I now have two apps live on MySpace, Random Advice and Random Band Names. The core functionality is exactly the same as what’s on Leon’s Random Generators. Both of them place content on your MySpace profile. You can see them in action on my profile page,

It’s somewhat obtuse to get the apps on your own profile. Visit the app’s profile page (linked above). Click the button to add the app. Then, modify your profile and add the “module”. (I’m hand-waving a bit here). I think you must be upgraded to the 2.0 version of profiles.

Despite my bickering about how I was fighting with the approval process last month, I did get the advice generator active. The band names app was approved within hours. So maybe they like to hassle unproven developers.
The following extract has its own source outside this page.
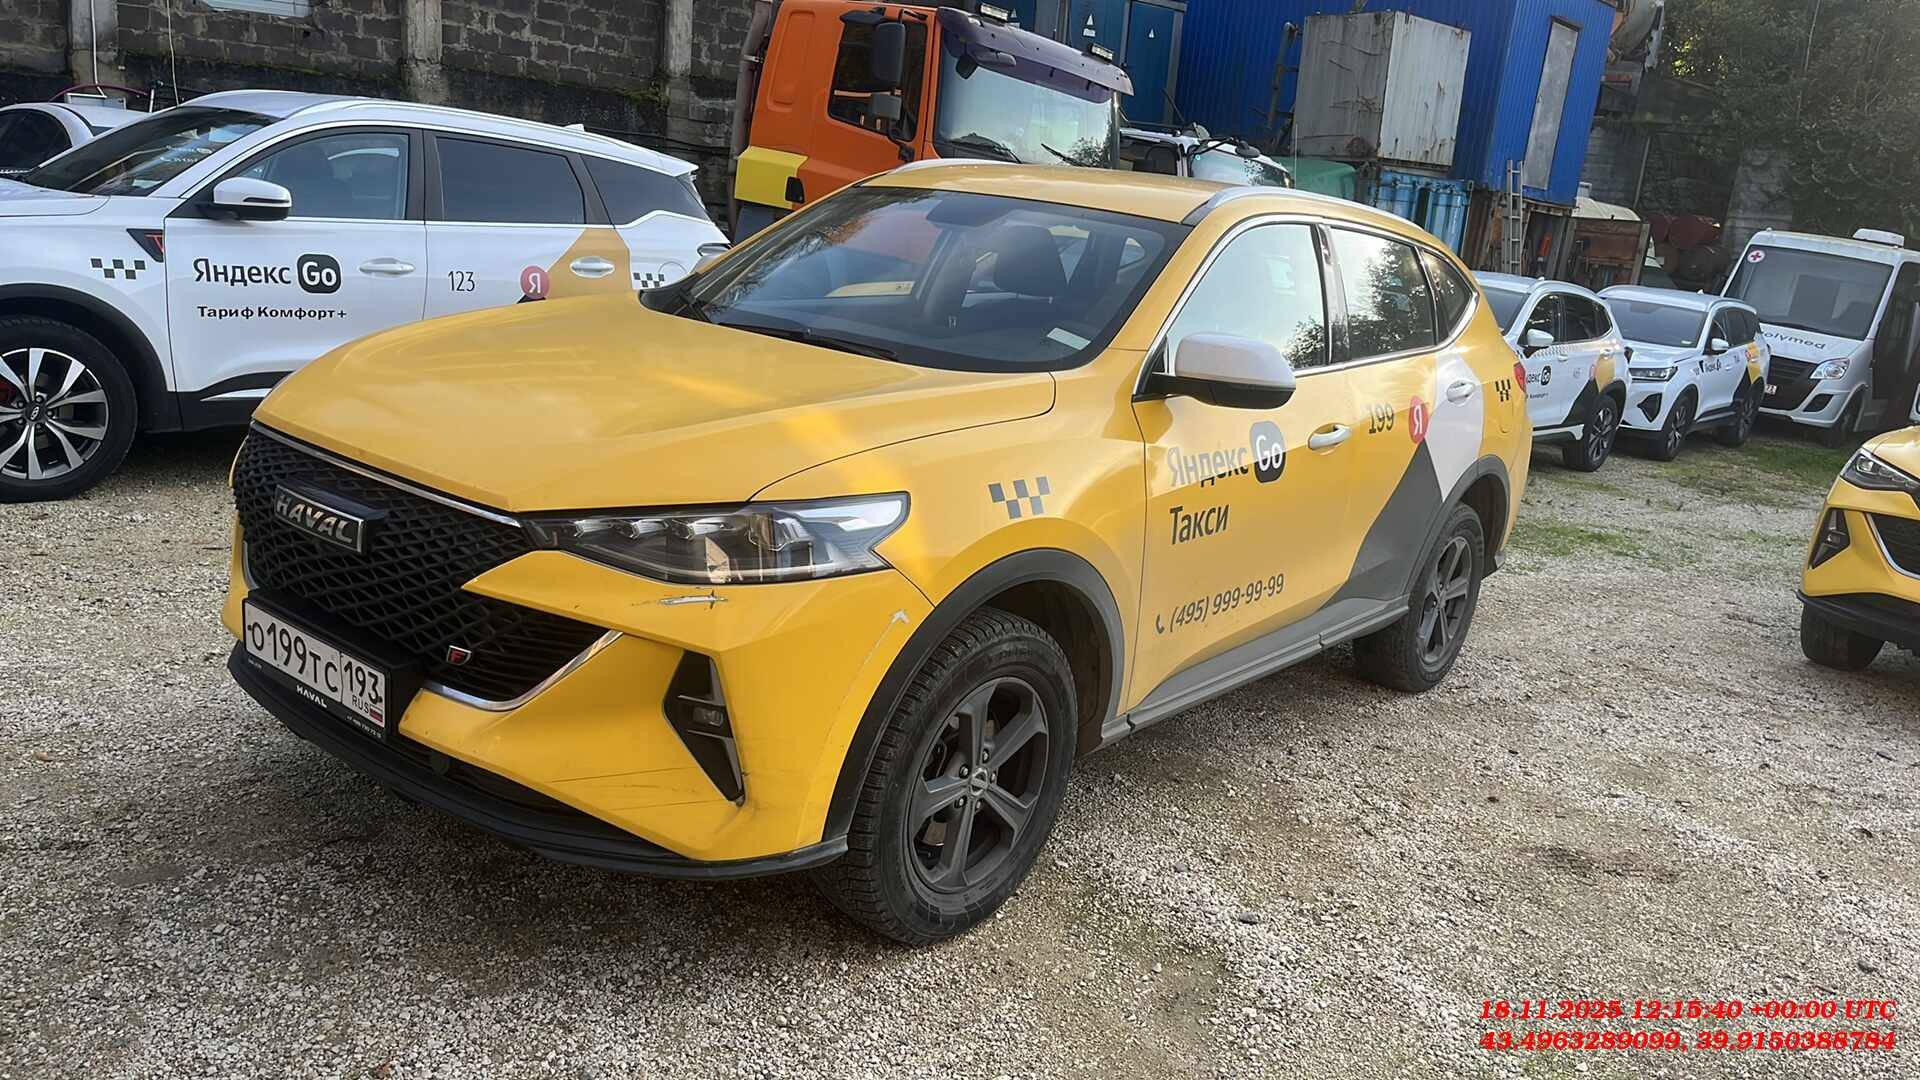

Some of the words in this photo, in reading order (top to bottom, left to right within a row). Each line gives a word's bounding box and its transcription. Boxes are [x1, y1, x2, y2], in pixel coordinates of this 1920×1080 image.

In any event, the advice generator has been live for less than a month and has 116 “active users”. I’m not clear if that means installs, or if people have activated the module in their profile. I can’t find any examples of profiles with it installed.

Creative Pursuits

Leon’s Random Generators Appreciation Society

Now appearing on Facebook…a fan club for the random generators.


Random Facebook Status Messages, Delivered Daily

Late last year, I knocked out a little facebook app that pushed a random status message into your facebook account. I used it as an excuse to learn about the API. It was particularly good because it’s one thing to simply put content up into facebook. It’s another thing to update a user’s status. I got to the idea by way of suggestinon from my buddy, John Szeder. He wanted his status to update without having to log in.

For many months, my little app didn’t do that, exactly. You still had to log in, click into the app and then click a submit button. I knew exactly how to make it automatic, but I let myself be lazy. I thought that if a user never came to use my app, he would never think about my app or see a bit of advertisement. Although I have no expectations that this app will generate real revenue, it’s fun to pretend it might. It’s good practice.

I should take a second here to reveal a “secret”. It’s not really a secret, because it’s easy to find if you want. I’ll tell you now. You can learn a lot of good ideas if you pay attention to Steve Gillmor and his Gillmor Gang. I have had the fortune of having discovered him about three years ago, plus I have a 35-minute commute that gives me a ample time to listen to the podcasts. Sometimes the ideas shared on the show simply spark my imagination. This time they gave me an idea I could use.

The particular idea was that every message on Twitter is an advertisement. As is typical with a Gillmorism, the metaphorical nature of this idea encourages you to leave your dictionary on your desk. Steve went for at least a year straight saying that MS Office was dead. It’s not that it makes no money. It’s not that no one uses it. It’s just that it’s headed for anilation, but hardly anyone has noticed yet.

So, don’t try to take this too literally. A tweet is not a billboard shouting at you about cigarettes that you don’t care to smell, much less smoke. Twitter is a medium for transmitting ideas that you might be interested. It’s smart because it allows you to opt in for those ideas. You’re smart because you chose emitters that you hope will send the type of ideas you’re interested in.

If a tweet is an adverstisement, then so is a facebook status. I’m already funneling all of my tweets into my facebook status. Therefore, they are the same thing. Most people are using the status messages to advertise to their friends the trivia of what they are doing. Some people use them to share links. I’m using them to send people to a random Amazon search on the off chance it will be amusing and they will buy something.

Granted, it’s a fine line. I think my weird, random status messages are interesting. So do about 15 other people (right now). Maybe their friends like it. Maybe their friends find it annoying. Maybe those people like that their friends find it annoying. If I were pushing 20th century shout-style ads, I bet people would be angry.